Chronic illness,  Shining The Spotlight

Shining The Spotlight on Chronic Illness & Disability Q&A With Jaime

Hello and welcome to another instalment of Shining The Spotlight series. Todays q&a is brought. to you by Jaime of I Told You I Was Sick

Introduce yourself and tell us a bit about you? 

Hello. I’m Jaime. I’m an autistic woman who received a late diagnosis of this developmental condition in 2015. I’m a content creator who specializes in making content around chronic illness, natural treatments, and life on the autism spectrum. 

Hello I’m Jaime

Chronic illness(es)/disabilities I have?

I’m autistic, but I don’t consider it a disability, although it does cause a fair amount of issues living in a neurotypical (non-autistic) world. Like many on the autism spectrum, I see it as a different operating system, like the difference between a PC and a Mac. 

I also live with OCD, PTSD, celiac disease, chronic allergies and sinus problems, diverticulosis, and joint hypermobility. 

My symptoms/condition began? 

My symptoms began at birth. I don’t know what it’s like to feel 100 percent healthy, and for that, I am actually grateful.
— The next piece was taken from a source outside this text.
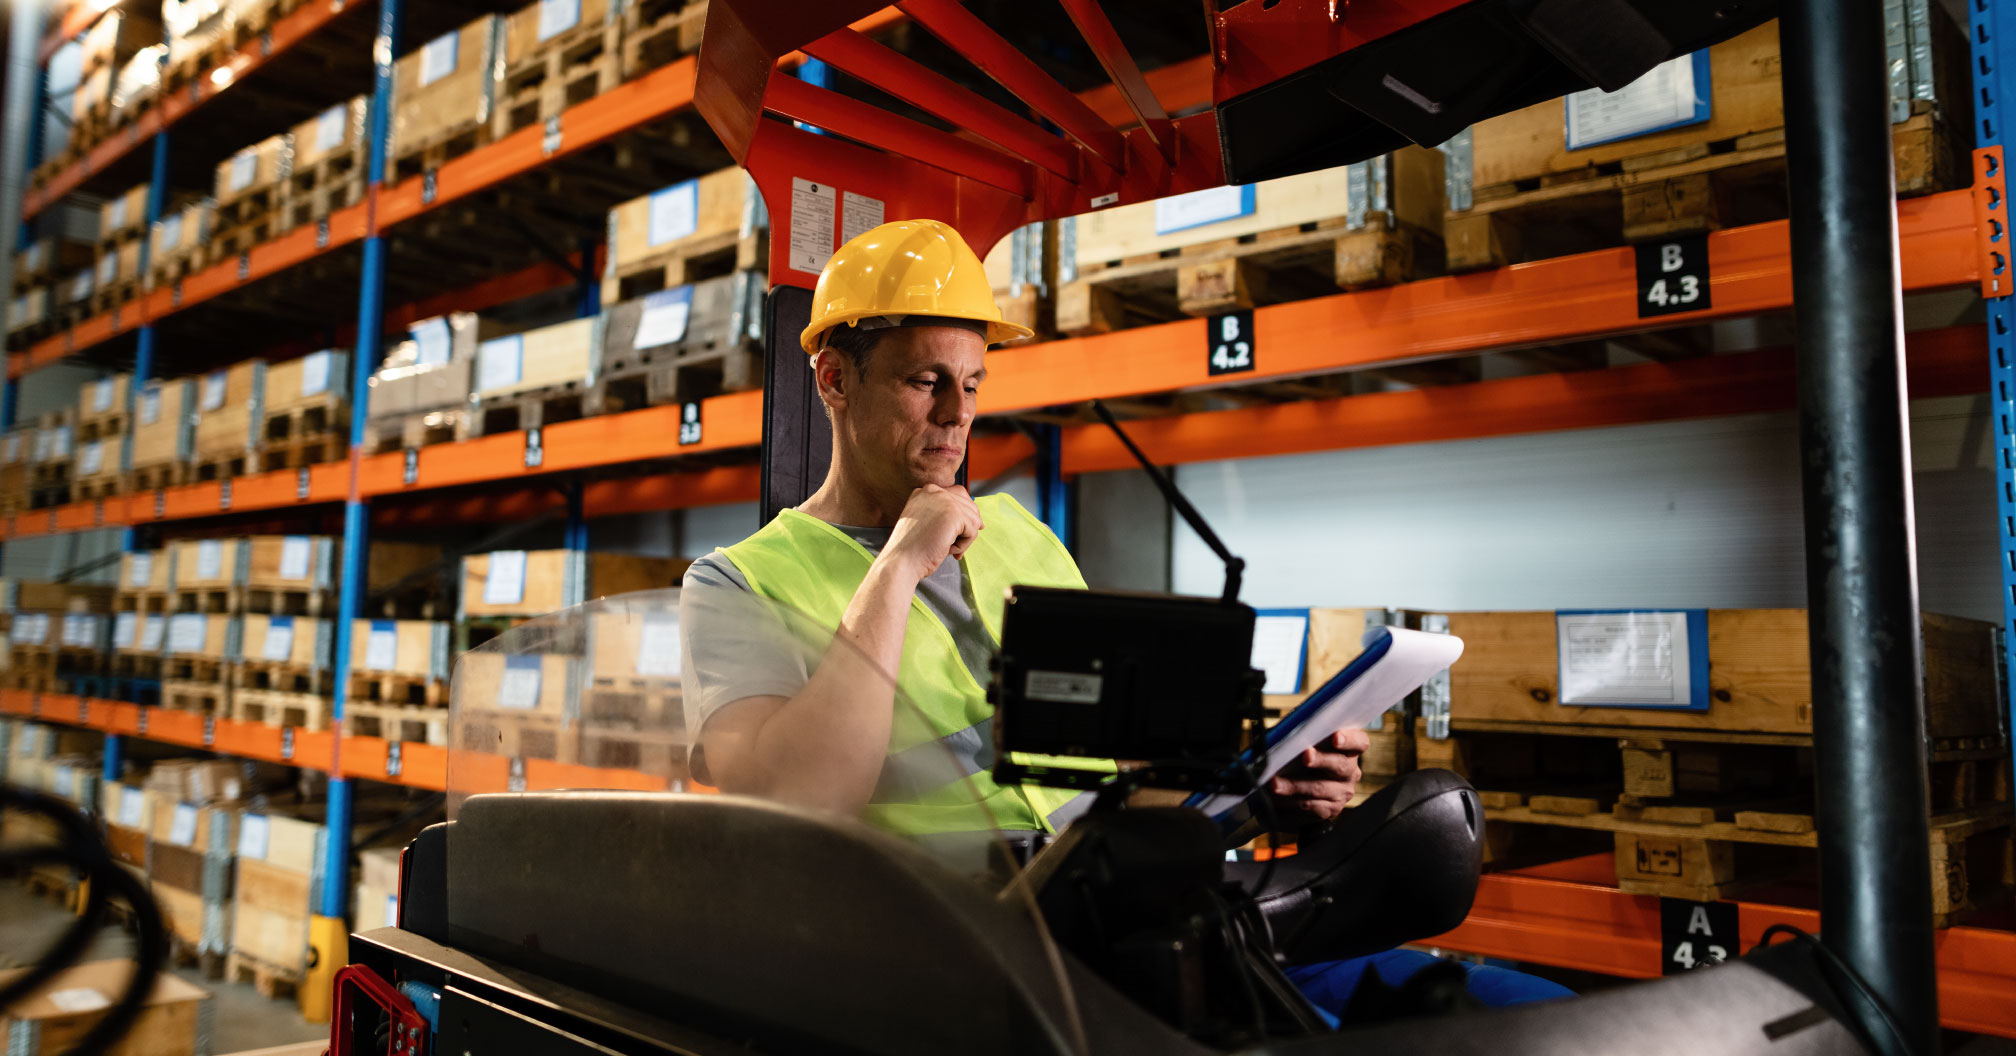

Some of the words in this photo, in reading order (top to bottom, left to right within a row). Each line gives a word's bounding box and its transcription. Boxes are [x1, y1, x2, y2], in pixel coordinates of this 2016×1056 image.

I don’t know what I’m missing. The digestive problems began instantly. According to my mother, I was very colicky. My anxiety symptoms showed up when I was a toddler, but I didn’t start performing OCD rituals until I was 10. 

My diagnosis process was? 

My diagnosis process was a long and painful one. As I mentioned, I was born sick, and my family took me to doctor after doctor, but they couldn’t find anything wrong with me. 
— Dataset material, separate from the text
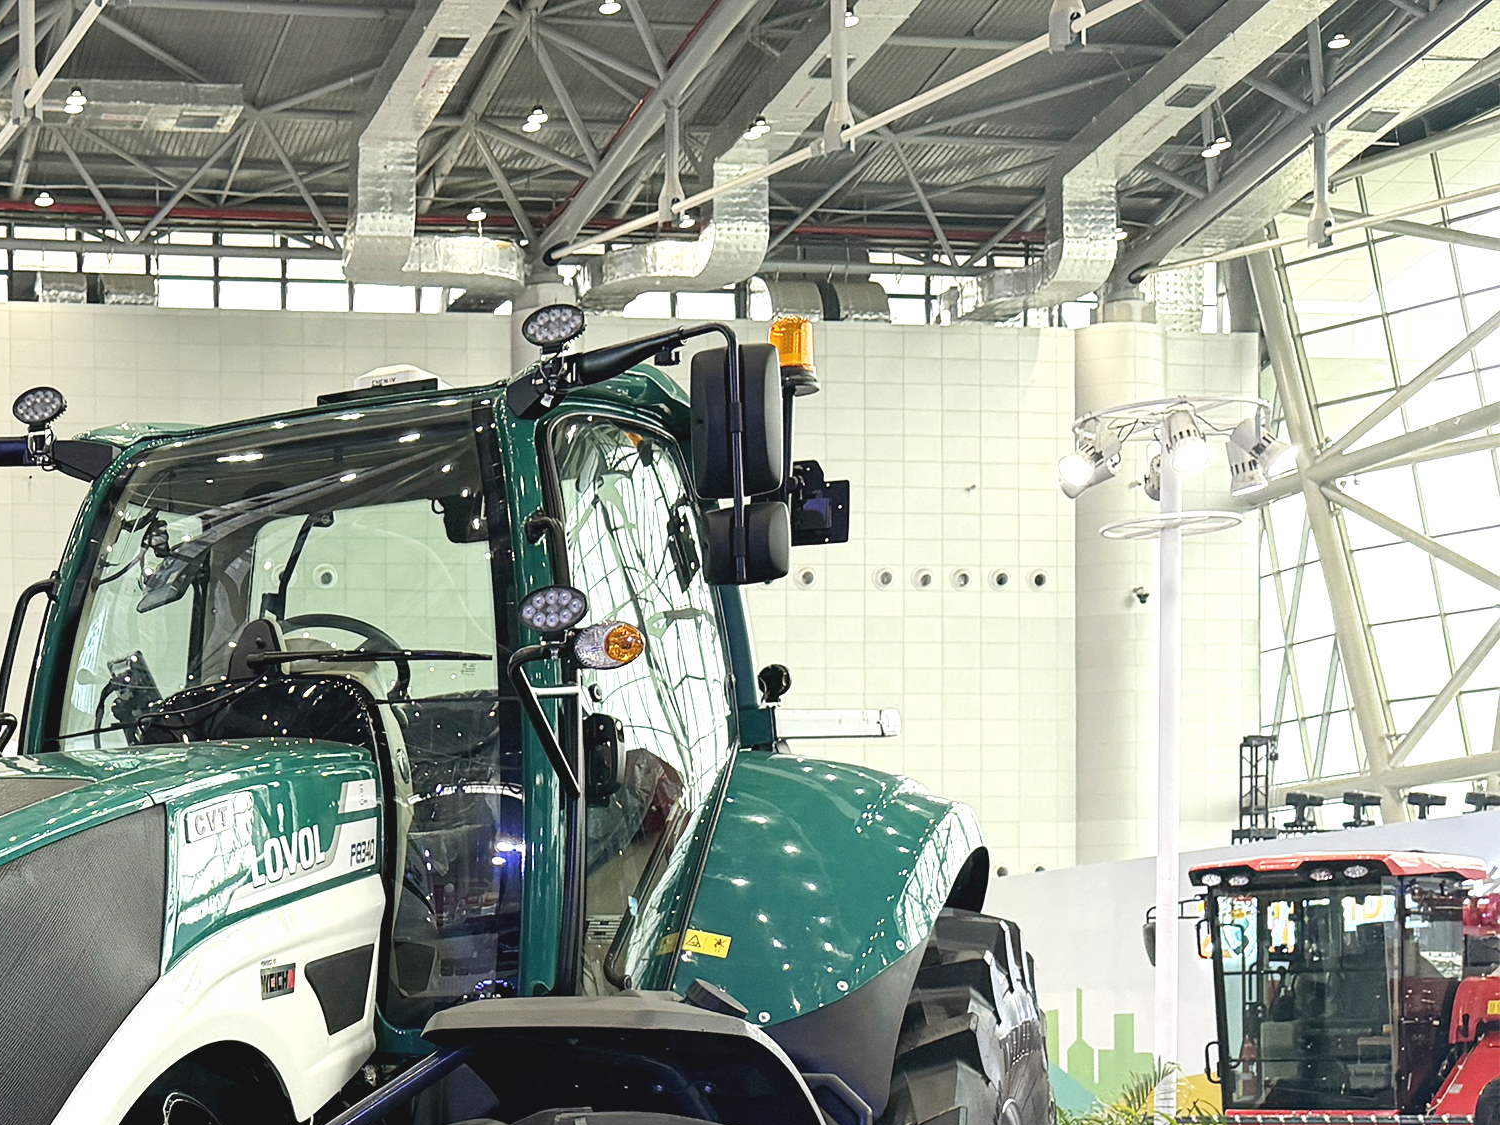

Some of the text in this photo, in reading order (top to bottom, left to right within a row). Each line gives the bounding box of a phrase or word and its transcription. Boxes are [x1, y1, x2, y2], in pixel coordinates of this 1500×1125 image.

[194, 806, 228, 836] CVT
[251, 824, 327, 888] LOVOL
[350, 838, 375, 867] P8340
Eventually, I was seen as an attention-seeking child and treated accordingly. 

I was diagnosed with celiac disease after two months of horrible stomach problems, sudden weight loss, and incredible fatigue. I practically had to crawl into a naturopathic physician’s office in 2002, and, he took one look at me and said, “Food is killing you”.

I was put on an elimination diet, and, for the first time in my life, I felt no pain in my stomach, and I remember that being very strange for me, like I was missing something, but I couldn’t quite put my finger on it. 

Later, when I reintroduced foods, I found out I reacted badly to wheat, gluten, corn, and table sugar. 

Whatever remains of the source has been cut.